The Manufacturing Risks Still in Front of a September Launch
The September plan rests on assumptions that are tested by reality only at scale. The hinge durability problem that dominated the May and June chatter has been described as mostly resolved, but a hinge that passes a million-cycle lab test is not the same as a hinge that survives two years of daily folds in the wild. The mass production ramp is the first real test.
Separately, leaker Fixed Focus Digital reported in May that the iPhone Ultra was running into mass production yield problems at the pre-assembly stage, tied to surface-mount technology rather than the hinge. The issue was described as separate from the earlier hinge concerns, and it is not clear from the public reporting whether the same set of problems still applies to the late-July ramp.
Analyst Mizuho Securities has flagged the possibility of a 2027 postponement if Apple takes longer to lock down hinge design elements. That is the most cautious read on the schedule. The mainstream expectation, including Gurman’s, is a fall 2026 unveiling with a possible short delay on the release date. Apple has not officially announced the device, the launch date, or the price; the September window is built on supply chain reports and analyst notes, not on an Apple confirmation. The late-July mass production start is the most concrete signal that the schedule is holding; it is not a guarantee that the launch ships on time.
Frequently Asked Questions
When does Apple’s iPhone Ultra launch?
Apple has not set an official date.

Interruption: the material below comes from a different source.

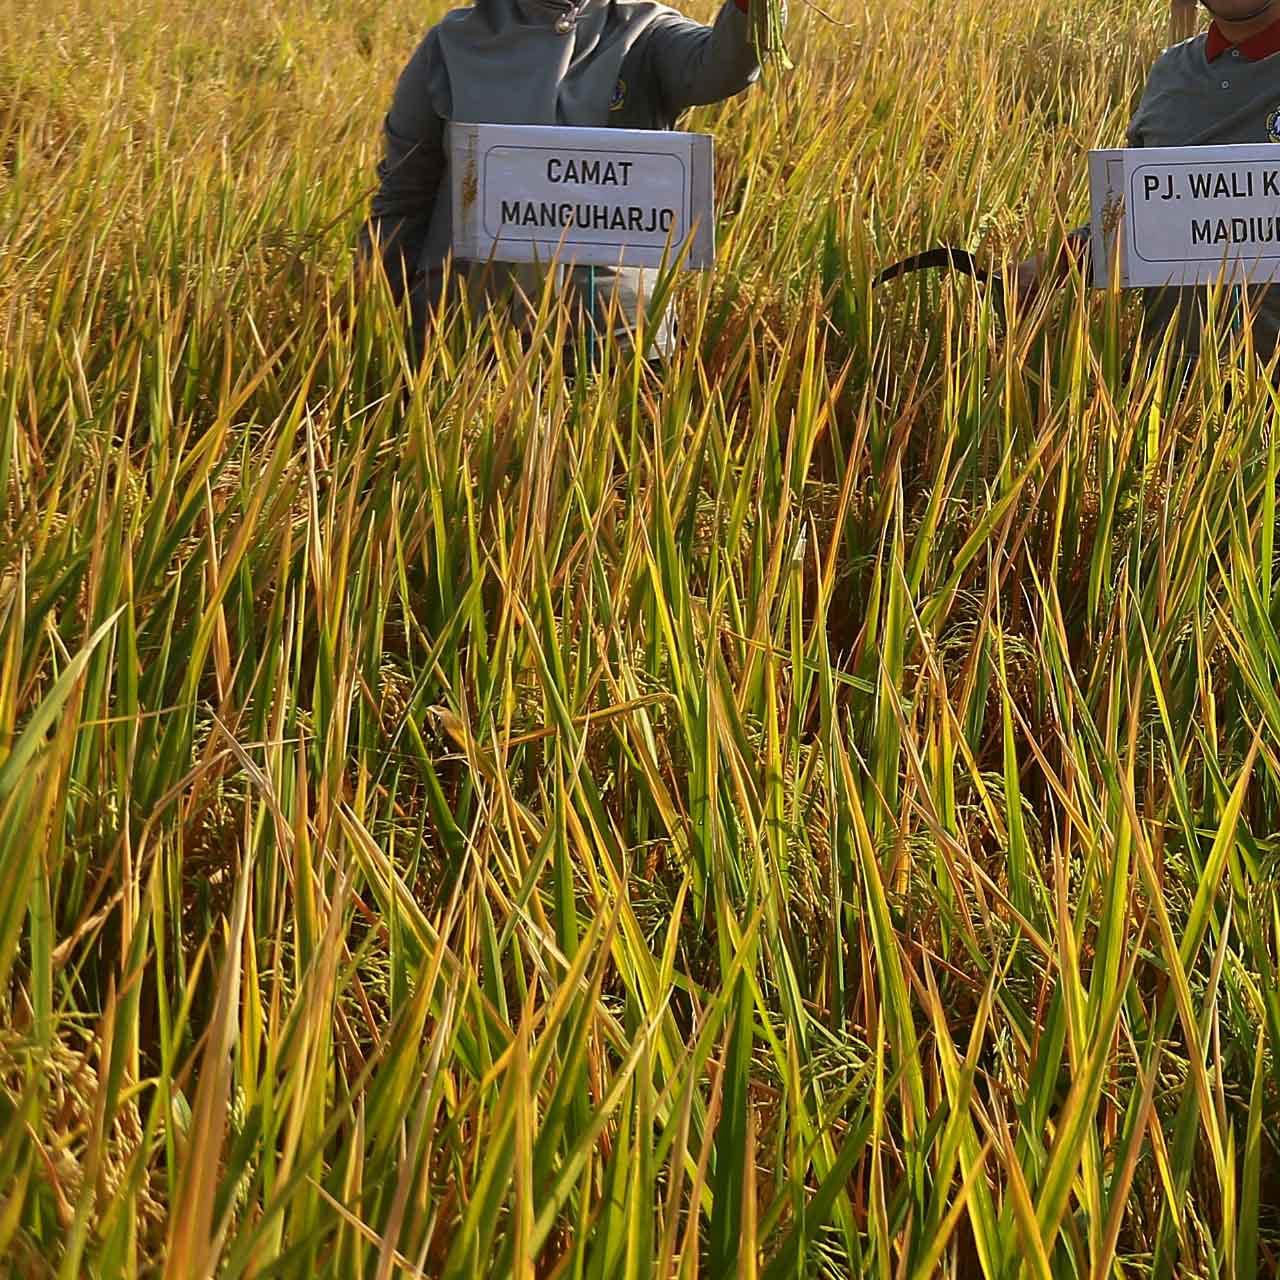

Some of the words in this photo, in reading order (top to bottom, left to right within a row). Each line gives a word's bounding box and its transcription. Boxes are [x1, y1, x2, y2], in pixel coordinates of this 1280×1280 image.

[547, 158, 632, 186] CAMAT
[1144, 175, 1181, 200] PJ.
[1189, 172, 1252, 199] WALI
[501, 200, 675, 233] MANGUHARJO

Bloomberg’s Mark Gurman expects a fall 2026 debut alongside the iPhone 18 Pro and iPhone 18 Pro Max, and multiple supply chain reports in late June 2026 pointed to a September unveiling. MacRumors earlier reported that mass production was planned to start in July if the trial production phase went smoothly.
How much will the iPhone Ultra cost?
Apple has not announced pricing. Analyst projections cluster between $1,800 and $2,500 in the United States, with UBS at $1,800 to $2,000 and Fubon Research at around $2,399. IDC’s December 2025 forecast put the year-one average selling price at $2,400.
What are the iPhone Ultra’s display sizes?
Per the MacRumors spec roundup, the foldable is expected to feature a ~5.5-inch screen when closed and a ~7.8-inch inner display when open. The Elec reports the crease depth is controlled to under 0.15 mm and the crease angle under 2.5 degrees.
Is the iPhone Ultra delayed?
Multiple supply chain sources now say no. Per The Elec, the hinge problems that fueled the earlier delay speculation have been mostly resolved. The September unveiling is the consensus expectation; the release timing is the remaining variable, with one analyst note allowing for a slip of up to a month.
Will the iPhone Ultra launch with the iPhone 18 Pro and Pro Max?
Multiple reports point to a shared September event. Apple is expected to announce all three at the same keynote, though the foldable may go on sale up to a month after the Pro pair.